WHAT YOU NEED TO DO ▸
For this exercise, retype all the data exactly and exclude every image.

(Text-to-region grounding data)
....................
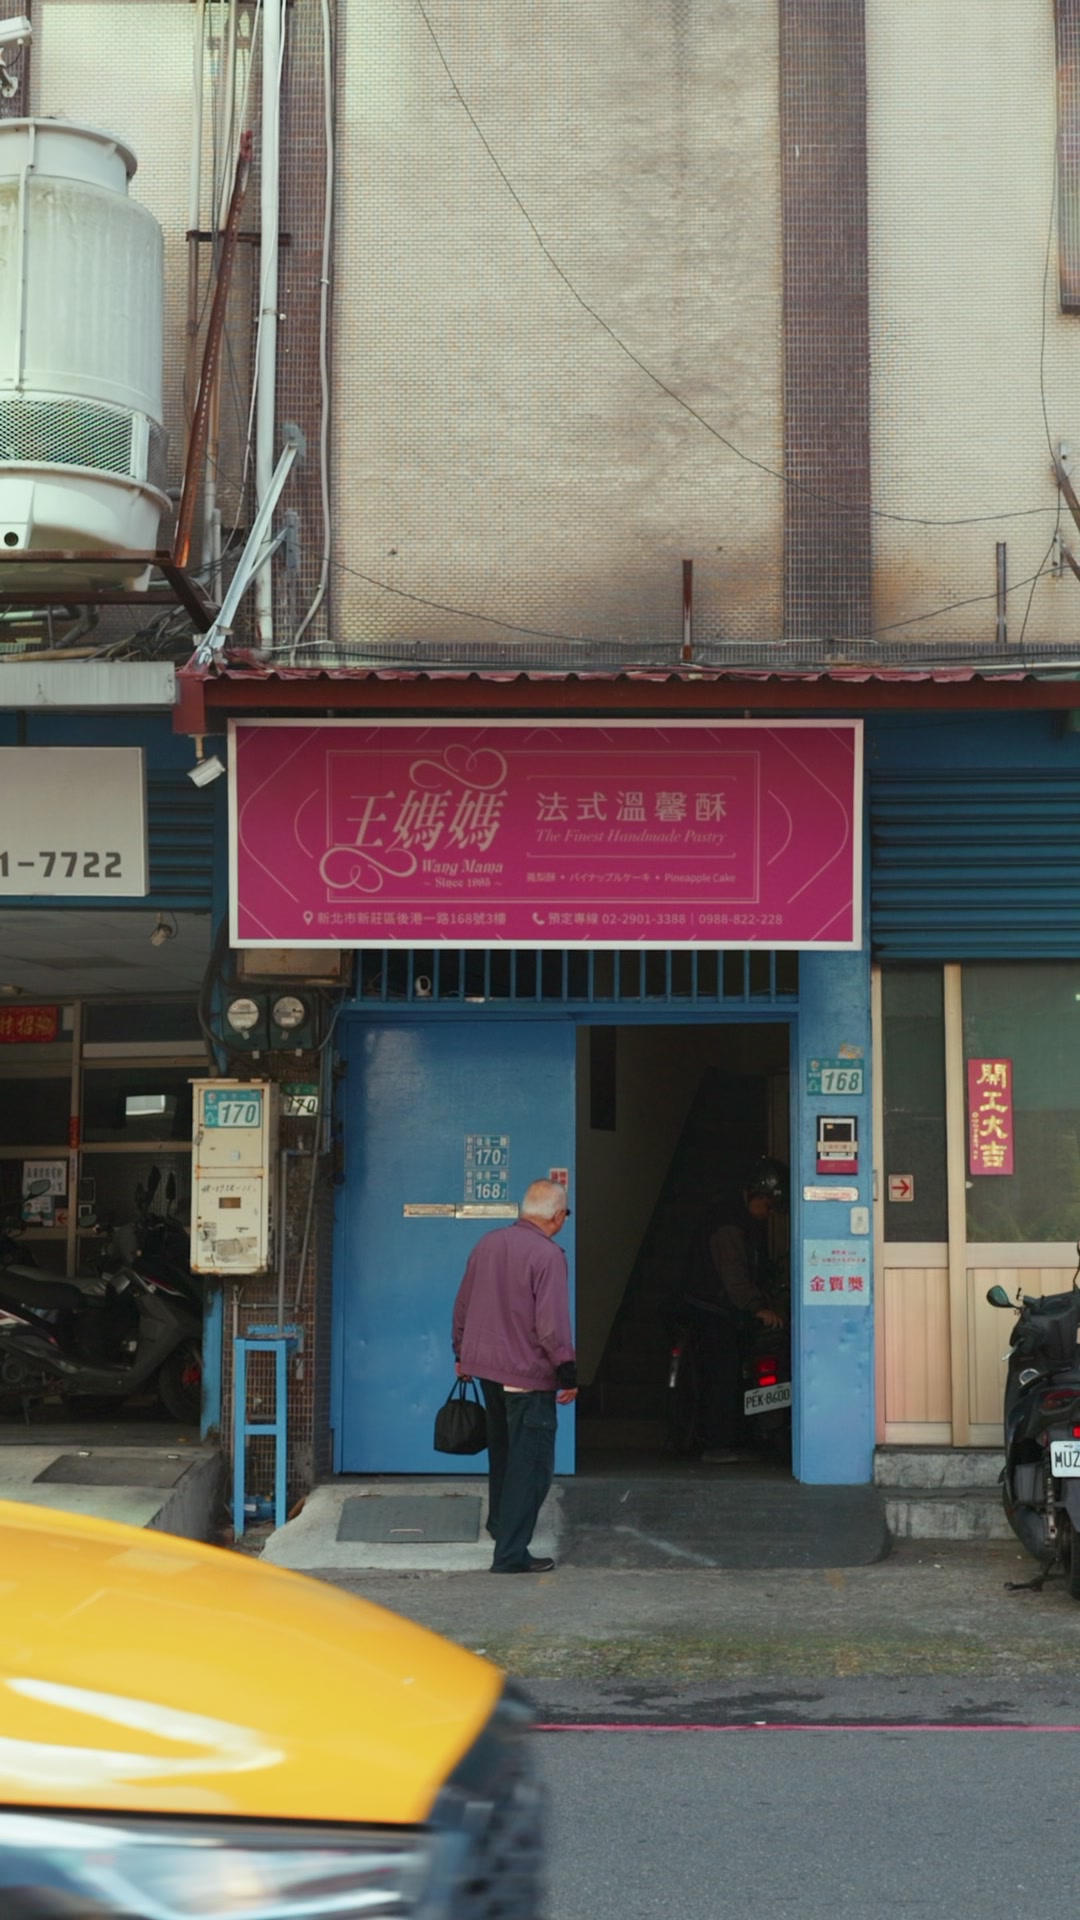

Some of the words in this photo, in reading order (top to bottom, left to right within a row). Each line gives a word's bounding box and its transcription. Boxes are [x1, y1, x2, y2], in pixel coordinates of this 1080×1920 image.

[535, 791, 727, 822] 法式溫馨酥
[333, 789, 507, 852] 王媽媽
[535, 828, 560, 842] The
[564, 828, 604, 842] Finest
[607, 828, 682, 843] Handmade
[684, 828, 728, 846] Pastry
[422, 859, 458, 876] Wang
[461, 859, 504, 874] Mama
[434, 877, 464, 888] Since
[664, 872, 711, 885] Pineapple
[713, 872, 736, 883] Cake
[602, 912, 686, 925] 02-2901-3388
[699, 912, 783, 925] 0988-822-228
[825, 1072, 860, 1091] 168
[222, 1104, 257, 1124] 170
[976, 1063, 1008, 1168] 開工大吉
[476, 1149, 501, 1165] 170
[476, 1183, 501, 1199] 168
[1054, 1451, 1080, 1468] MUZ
....................
EXERCISE RESULT ▸
Some of the words in this photo, in reading order (top to bottom, left to right within a row). Each line gives a word's bounding box and its transcription. Boxes are [x1, y1, x2, y2], in pixel coordinates of this 1080×1920 image.

[535, 791, 727, 822] 法式溫馨酥
[333, 789, 507, 852] 王媽媽
[535, 828, 560, 842] The
[564, 828, 604, 842] Finest
[607, 828, 682, 843] Handmade
[684, 828, 728, 846] Pastry
[422, 859, 458, 876] Wang
[461, 859, 504, 874] Mama
[434, 877, 464, 888] Since
[664, 872, 711, 885] Pineapple
[713, 872, 736, 883] Cake
[602, 912, 686, 925] 02-2901-3388
[699, 912, 783, 925] 0988-822-228
[825, 1072, 860, 1091] 168
[222, 1104, 257, 1124] 170
[976, 1063, 1008, 1168] 開工大吉
[476, 1149, 501, 1165] 170
[476, 1183, 501, 1199] 168
[1054, 1451, 1080, 1468] MUZ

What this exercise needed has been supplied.